SelfWealth receives competing takeover bid as AxiCorp tops Bell Financial proposal
SelfWealth (ASX: SWF) has received its second takeover bid this week—this time from global online brokerage firm AxiCorp Financial Services, priced at $0.23 per share by way of a scheme of arrangement.
The bid represents a superior proposal to that received from Bell Financial Group (ASX: BFG) a day earlier priced at $0.22 per share.
AxiCorp has indicated it could expedite the negotiation and signing of a binding implementation deed with SelfWealth, on condition that the SelfWealth board unanimously recommend shareholders vote to proceed with the proposal and that directors also vote their shares in favour.
Bell Financial bid
Just yesterday, Bell Financial launched a $51 million takeover bid for SelfWealth following a period of engagement between the two companies.
The $0.22 per share consideration was offered to shareholders as a cash or scrip alternative and represented an 85% premium to the one-month volume-weighted average price of $0.119.
The board of SelfWealth agreed to progress negotiations on an exclusive basis and said it would recommend shareholders vote in favour of the bid in the absence of a superior proposal.
That proposal arrived this morning in the form of AxiCorp’s $0.23 per share offer.
Accretive opportunities
At SelfWealth’s annual general meeting this morning, chair Christine Christian told shareholders the company remained open to “seriously considering” accretive opportunities amid industry consolidation.
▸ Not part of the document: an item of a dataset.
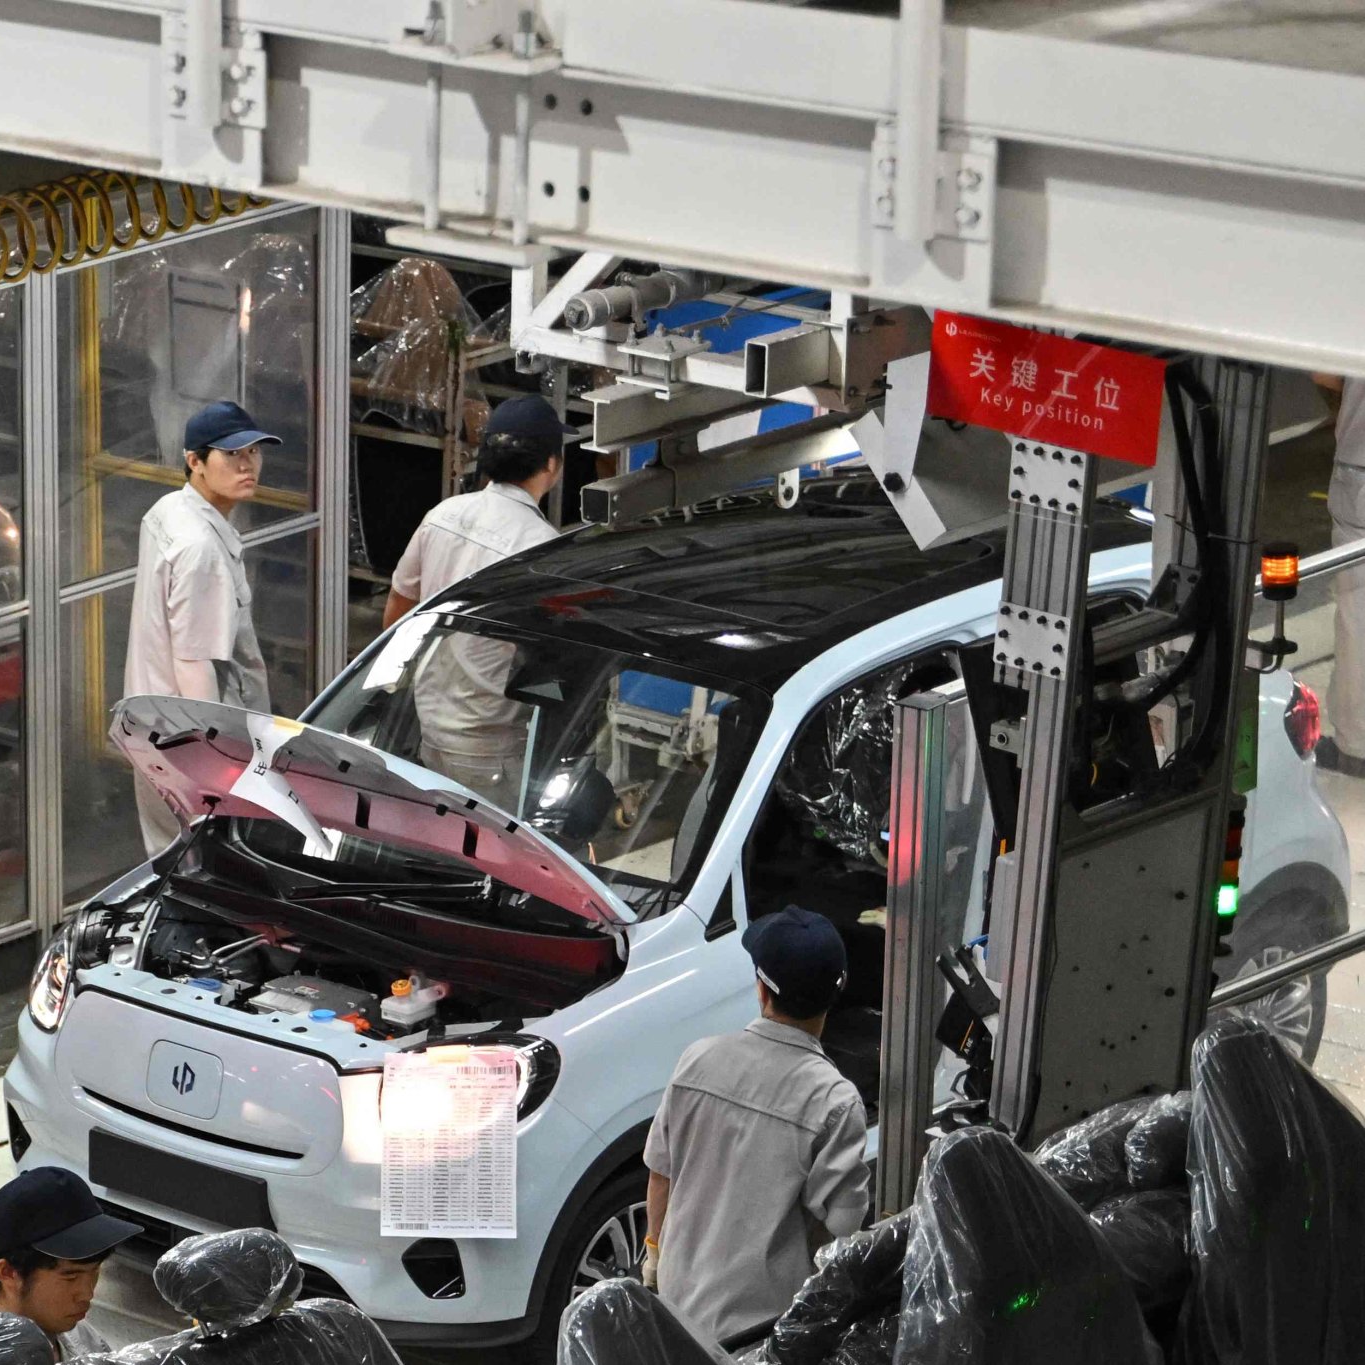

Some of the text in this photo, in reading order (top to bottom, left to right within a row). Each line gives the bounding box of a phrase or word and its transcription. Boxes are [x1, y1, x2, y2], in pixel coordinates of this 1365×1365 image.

[968, 346, 1122, 412] 关键工位
[980, 386, 1104, 431] Key position
“I would like to emphasise that the board is committed to always acting in shareholders’ best interests, whether that be continuing to invest in the necessary business transformation required to deliver long-term growth or seriously considering potential value-accretive opportunities that may arise as the industry moves to greater consolidation,” she said.
24 hours earlier, Ms Christian had described Bell’s offer as “compelling for shareholders, team members and clients.”
In light of today’s developments, she has now added that shareholders need not take any action in relation to either offer at this point, as there can be no certainty they will result in a binding transaction.